## Task brief
Return the data below exactly as given, except for the images.
** Opening Data extract block **
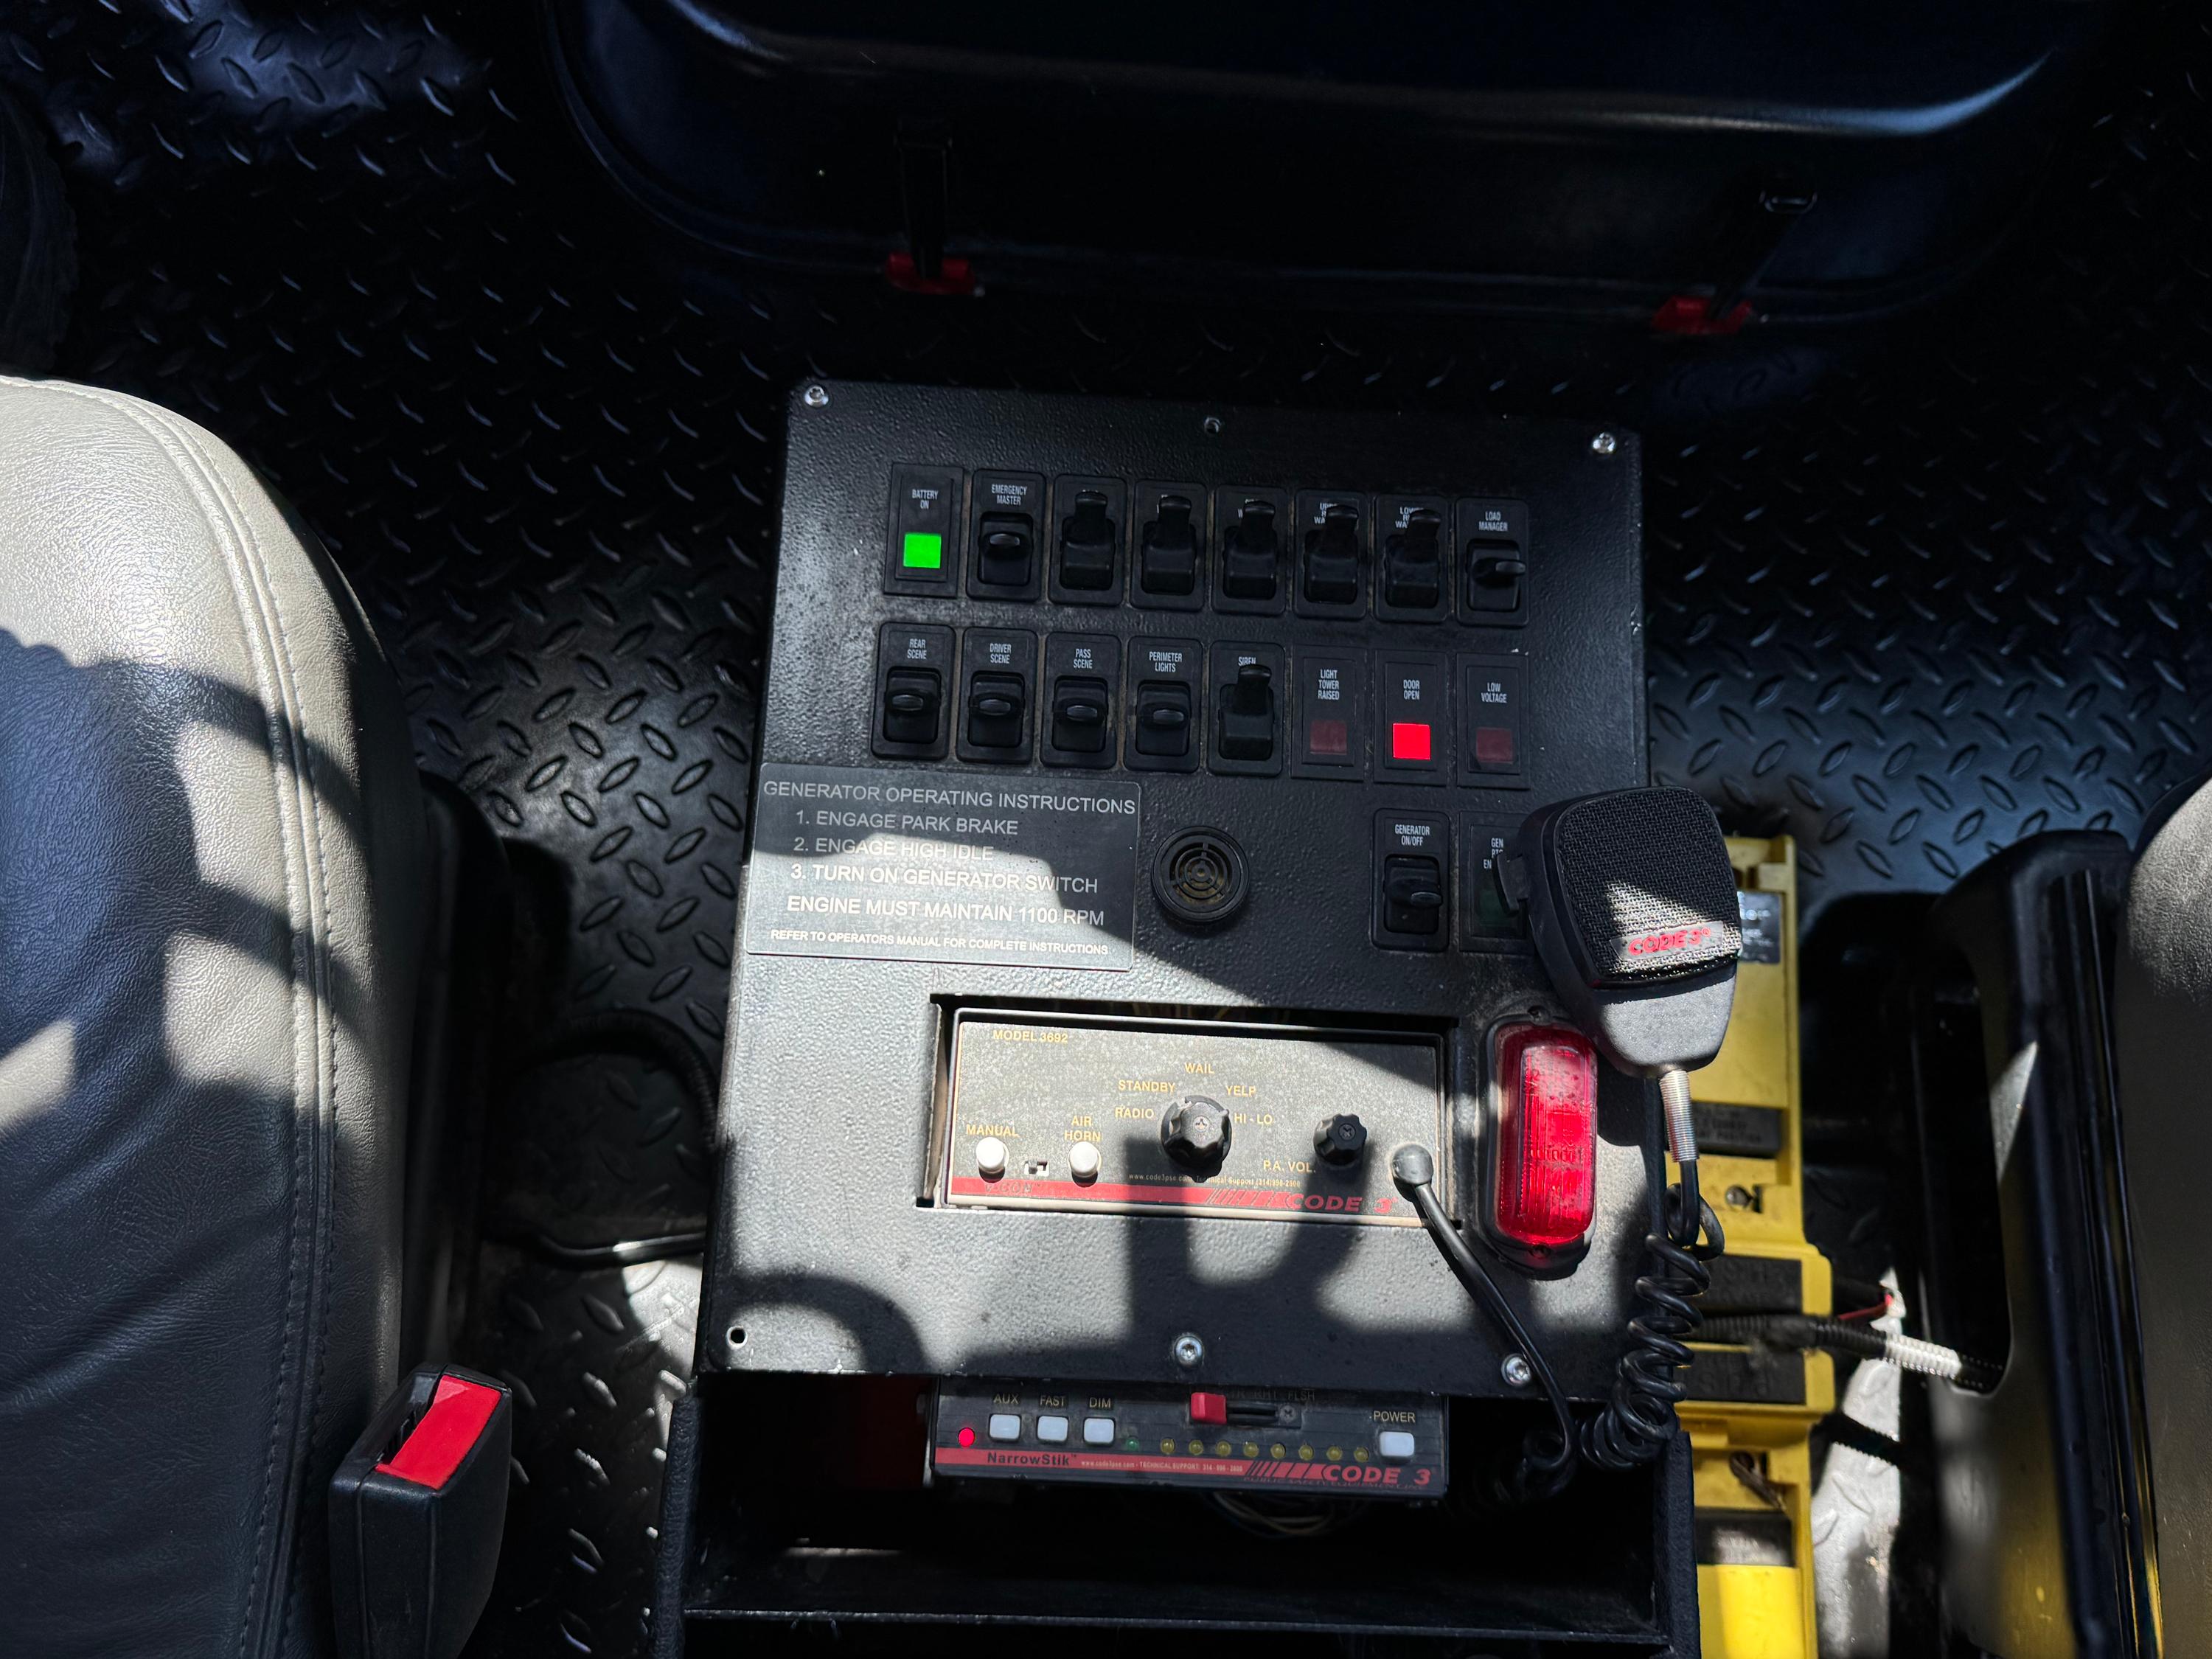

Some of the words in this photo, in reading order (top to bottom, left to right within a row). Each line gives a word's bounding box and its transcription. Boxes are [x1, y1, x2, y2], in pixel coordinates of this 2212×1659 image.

[912, 489, 938, 500] BATTERY
[992, 484, 1027, 495] EMERGENCY
[920, 500, 929, 509] ON
[997, 495, 1021, 506] MASTER
[1485, 511, 1500, 521] LOAD
[1479, 521, 1508, 532] MANAGER
[909, 639, 926, 650] REAR
[990, 643, 1012, 654] DRIVER
[907, 649, 927, 660] SCENE
[990, 653, 1010, 664] SCENE
[1076, 648, 1091, 659] PASS
[1149, 651, 1182, 663] PERIMETER
[1073, 658, 1093, 669] SCENE
[1155, 661, 1176, 672] LIGHTS
[1320, 669, 1338, 679] LIGHT
[1318, 679, 1340, 690] TOWER
[1403, 679, 1420, 690] DOOR
[1487, 683, 1501, 692] LOW
[1318, 689, 1340, 700] RAISED
[1403, 689, 1420, 700] OPEN
[1481, 692, 1507, 703] VOLTAGE
[764, 781, 880, 801] GENERATOR
[886, 787, 992, 807] OPERATING
[998, 793, 1135, 815] INSTRUCTIONS
[796, 810, 810, 825] 1.
[816, 810, 897, 829] ENGAGE
[902, 815, 950, 832] PARK
[956, 817, 1018, 835] BRAKE
[1395, 824, 1430, 835] GENERATOR
[1401, 835, 1424, 846] ON/OFF
[1491, 838, 1503, 849] GEN
[793, 838, 809, 852] 2.
[815, 838, 897, 856] ENGAGE
[900, 841, 947, 859] HIGH
[953, 845, 994, 861] IDLE
[790, 863, 807, 880] 3.
[813, 864, 864, 883] TURN
[869, 867, 898, 883] ON
[903, 869, 1020, 889] GENERATOR
[1025, 874, 1098, 894] SWITCH
[787, 895, 861, 914] ENGINE
[866, 899, 920, 917] MUST
[924, 902, 1012, 922] MAINTAIN
[1018, 907, 1058, 923] 1100
[1063, 908, 1105, 926] RPM
[771, 929, 808, 941] REFER
[810, 931, 826, 942] TO
[828, 932, 894, 945] OPERATORS
[897, 935, 941, 947] MANUAL
[944, 936, 967, 947] FOR
[968, 939, 1027, 950] COMPLETE
[1029, 941, 1109, 955] INSTRUCTIONS
[1628, 930, 1688, 956] CODE
[992, 1029, 1037, 1043] MODEL
[1040, 1032, 1068, 1045] 3692
[1184, 1062, 1215, 1074] WAIL
[1118, 1079, 1175, 1093] STANDBY
[1225, 1085, 1256, 1097] YELP
[1115, 1107, 1155, 1119] RADIO
[1071, 1116, 1093, 1127] AIR
[1234, 1113, 1247, 1124] HI
[1257, 1113, 1273, 1125] LO
[966, 1124, 1020, 1138] MANUAL
[1064, 1129, 1102, 1142] HORN
[1263, 1160, 1284, 1172] P.A.
[1288, 1161, 1316, 1174] VOL.
[1286, 1192, 1363, 1213] CODE
[1374, 1197, 1393, 1214] 3
[993, 1394, 1019, 1405] AUX
[1040, 1395, 1066, 1407] FAST
[1089, 1397, 1111, 1408] DIM
[1374, 1410, 1416, 1423] POWER
[1140, 1461, 1171, 1469] TECHNICAL
[1323, 1464, 1401, 1484] CODE
[1413, 1468, 1432, 1485] 3
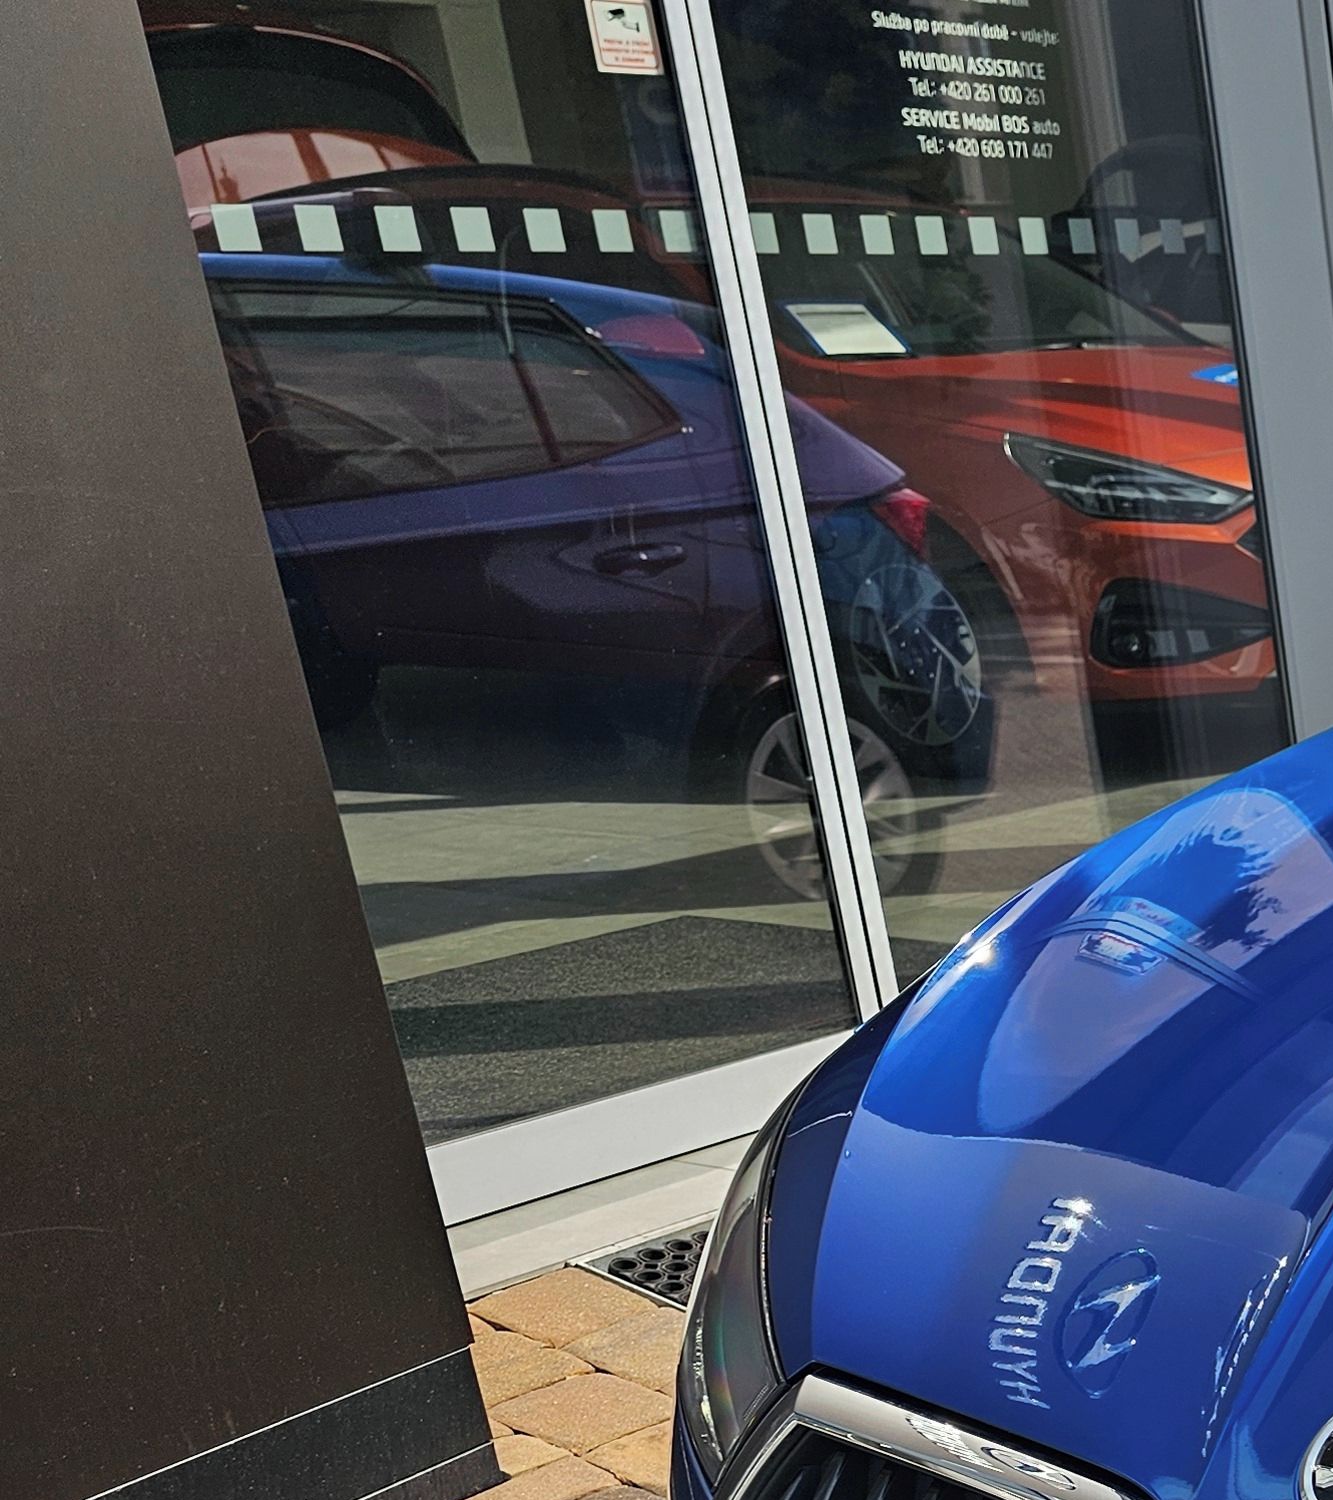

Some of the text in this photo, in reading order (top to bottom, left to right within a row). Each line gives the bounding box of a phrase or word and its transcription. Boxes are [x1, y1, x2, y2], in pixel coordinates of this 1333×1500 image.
** Closing Data extract block **
## Answer
Some of the words in this photo, in reading order (top to bottom, left to right within a row). Each line gives a word's bounding box and its transcription. Boxes are [x1, y1, x2, y2], in pixel coordinates of this 2212×1659 image.

[912, 489, 938, 500] BATTERY
[992, 484, 1027, 495] EMERGENCY
[920, 500, 929, 509] ON
[997, 495, 1021, 506] MASTER
[1485, 511, 1500, 521] LOAD
[1479, 521, 1508, 532] MANAGER
[909, 639, 926, 650] REAR
[990, 643, 1012, 654] DRIVER
[907, 649, 927, 660] SCENE
[990, 653, 1010, 664] SCENE
[1076, 648, 1091, 659] PASS
[1149, 651, 1182, 663] PERIMETER
[1073, 658, 1093, 669] SCENE
[1155, 661, 1176, 672] LIGHTS
[1320, 669, 1338, 679] LIGHT
[1318, 679, 1340, 690] TOWER
[1403, 679, 1420, 690] DOOR
[1487, 683, 1501, 692] LOW
[1318, 689, 1340, 700] RAISED
[1403, 689, 1420, 700] OPEN
[1481, 692, 1507, 703] VOLTAGE
[764, 781, 880, 801] GENERATOR
[886, 787, 992, 807] OPERATING
[998, 793, 1135, 815] INSTRUCTIONS
[796, 810, 810, 825] 1.
[816, 810, 897, 829] ENGAGE
[902, 815, 950, 832] PARK
[956, 817, 1018, 835] BRAKE
[1395, 824, 1430, 835] GENERATOR
[1401, 835, 1424, 846] ON/OFF
[1491, 838, 1503, 849] GEN
[793, 838, 809, 852] 2.
[815, 838, 897, 856] ENGAGE
[900, 841, 947, 859] HIGH
[953, 845, 994, 861] IDLE
[790, 863, 807, 880] 3.
[813, 864, 864, 883] TURN
[869, 867, 898, 883] ON
[903, 869, 1020, 889] GENERATOR
[1025, 874, 1098, 894] SWITCH
[787, 895, 861, 914] ENGINE
[866, 899, 920, 917] MUST
[924, 902, 1012, 922] MAINTAIN
[1018, 907, 1058, 923] 1100
[1063, 908, 1105, 926] RPM
[771, 929, 808, 941] REFER
[810, 931, 826, 942] TO
[828, 932, 894, 945] OPERATORS
[897, 935, 941, 947] MANUAL
[944, 936, 967, 947] FOR
[968, 939, 1027, 950] COMPLETE
[1029, 941, 1109, 955] INSTRUCTIONS
[1628, 930, 1688, 956] CODE
[992, 1029, 1037, 1043] MODEL
[1040, 1032, 1068, 1045] 3692
[1184, 1062, 1215, 1074] WAIL
[1118, 1079, 1175, 1093] STANDBY
[1225, 1085, 1256, 1097] YELP
[1115, 1107, 1155, 1119] RADIO
[1071, 1116, 1093, 1127] AIR
[1234, 1113, 1247, 1124] HI
[1257, 1113, 1273, 1125] LO
[966, 1124, 1020, 1138] MANUAL
[1064, 1129, 1102, 1142] HORN
[1263, 1160, 1284, 1172] P.A.
[1288, 1161, 1316, 1174] VOL.
[1286, 1192, 1363, 1213] CODE
[1374, 1197, 1393, 1214] 3
[993, 1394, 1019, 1405] AUX
[1040, 1395, 1066, 1407] FAST
[1089, 1397, 1111, 1408] DIM
[1374, 1410, 1416, 1423] POWER
[1140, 1461, 1171, 1469] TECHNICAL
[1323, 1464, 1401, 1484] CODE
[1413, 1468, 1432, 1485] 3

Some of the text in this photo, in reading order (top to bottom, left to right within a row). Each line gives the bounding box of a phrase or word and its transcription. Boxes are [x1, y1, x2, y2], in pixel coordinates of this 1333×1500 image.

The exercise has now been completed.